Exercise:
Would you reproduce every record exactly, leaving out the pictures?

───

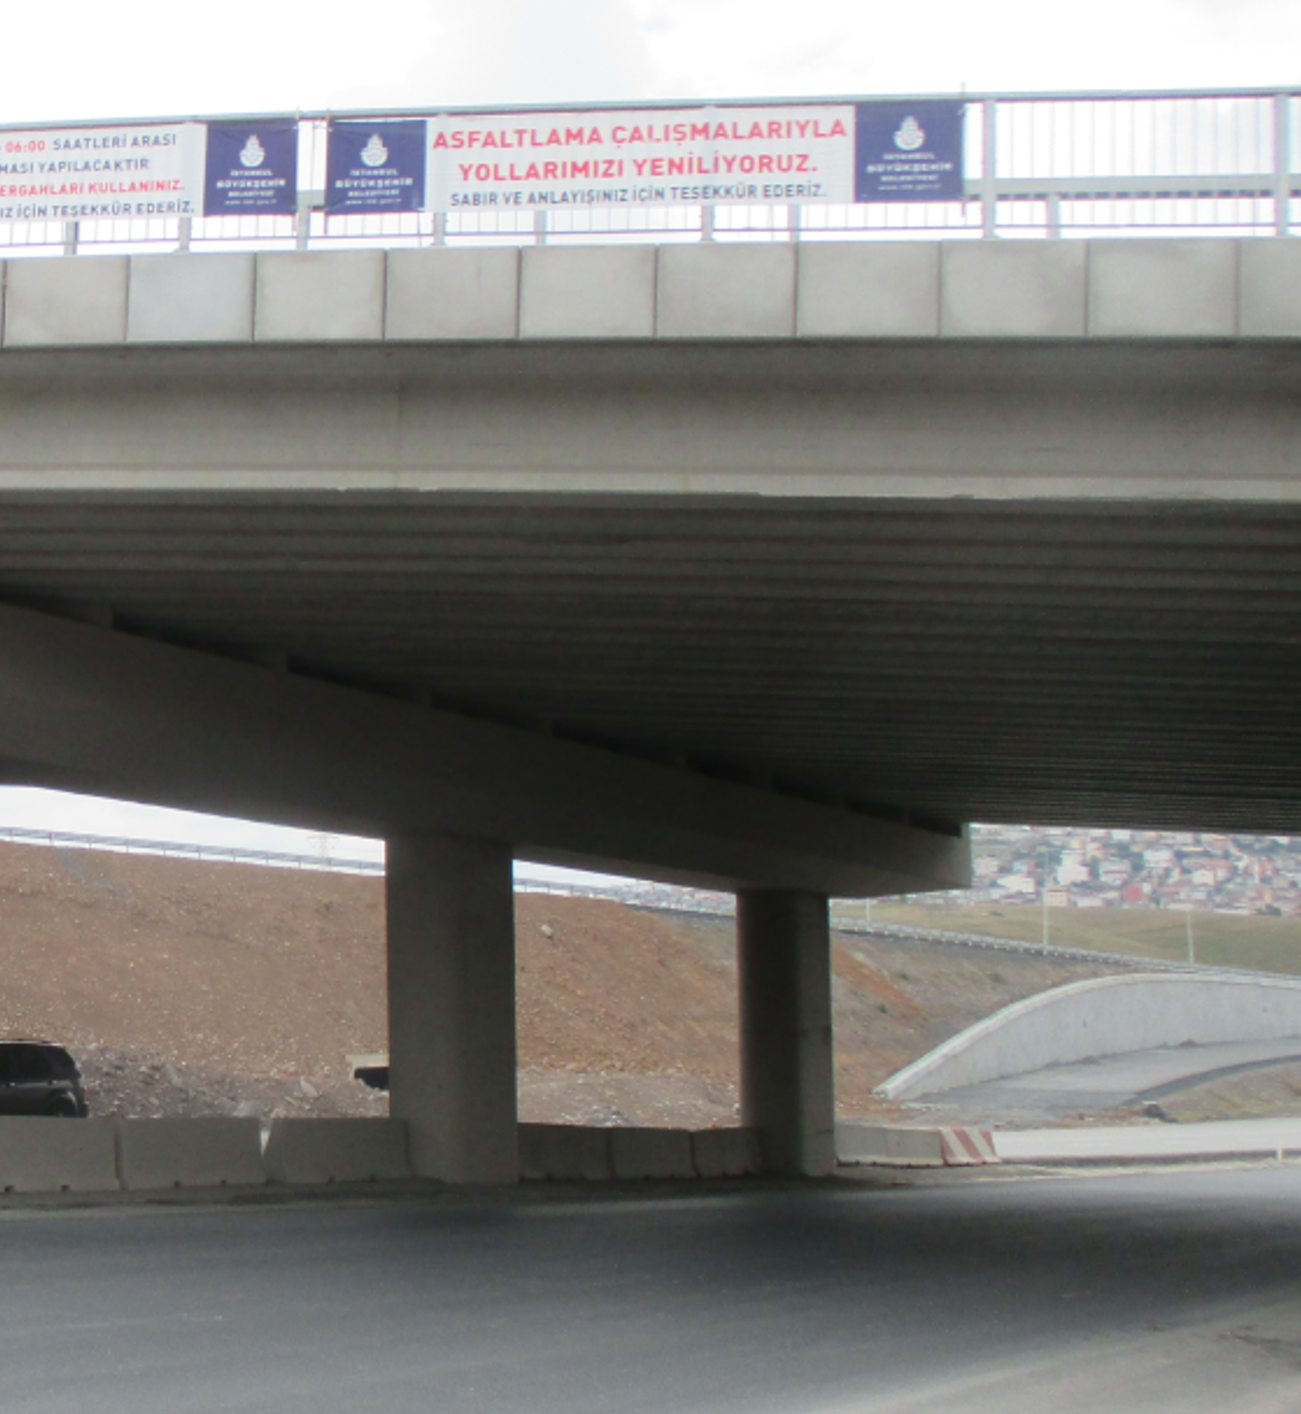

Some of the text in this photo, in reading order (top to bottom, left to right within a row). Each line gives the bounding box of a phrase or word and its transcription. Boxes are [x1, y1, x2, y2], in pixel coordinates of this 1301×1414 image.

[5, 139, 46, 153] 06:00
[52, 133, 127, 150] SAATLERİ
[130, 132, 177, 148] ARASI
[432, 118, 847, 149] ASFALTLAMA ÇALIŞMALARIYLA
[38, 157, 150, 174] YAPILACAKTIR
[459, 149, 818, 181] YOLLARIMIZI YENİLİYORUZ.
[88, 178, 185, 194] KULLANINIZ.
[450, 191, 499, 206] SABIR
[503, 190, 522, 204] VE
[526, 187, 629, 206] ANLAYIŞINIZ
[632, 184, 665, 203] İÇİN
[17, 202, 49, 219] İÇİN
[51, 199, 132, 218] TEŞEKKÜR
[135, 197, 195, 214] EDERİZ.

───

Task result:
Some of the text in this photo, in reading order (top to bottom, left to right within a row). Each line gives the bounding box of a phrase or word and its transcription. Boxes are [x1, y1, x2, y2], in pixel coordinates of this 1301×1414 image.

[5, 139, 46, 153] 06:00
[52, 133, 127, 150] SAATLERİ
[130, 132, 177, 148] ARASI
[432, 118, 847, 149] ASFALTLAMA ÇALIŞMALARIYLA
[38, 157, 150, 174] YAPILACAKTIR
[459, 149, 818, 181] YOLLARIMIZI YENİLİYORUZ.
[88, 178, 185, 194] KULLANINIZ.
[450, 191, 499, 206] SABIR
[503, 190, 522, 204] VE
[526, 187, 629, 206] ANLAYIŞINIZ
[632, 184, 665, 203] İÇİN
[17, 202, 49, 219] İÇİN
[51, 199, 132, 218] TEŞEKKÜR
[135, 197, 195, 214] EDERİZ.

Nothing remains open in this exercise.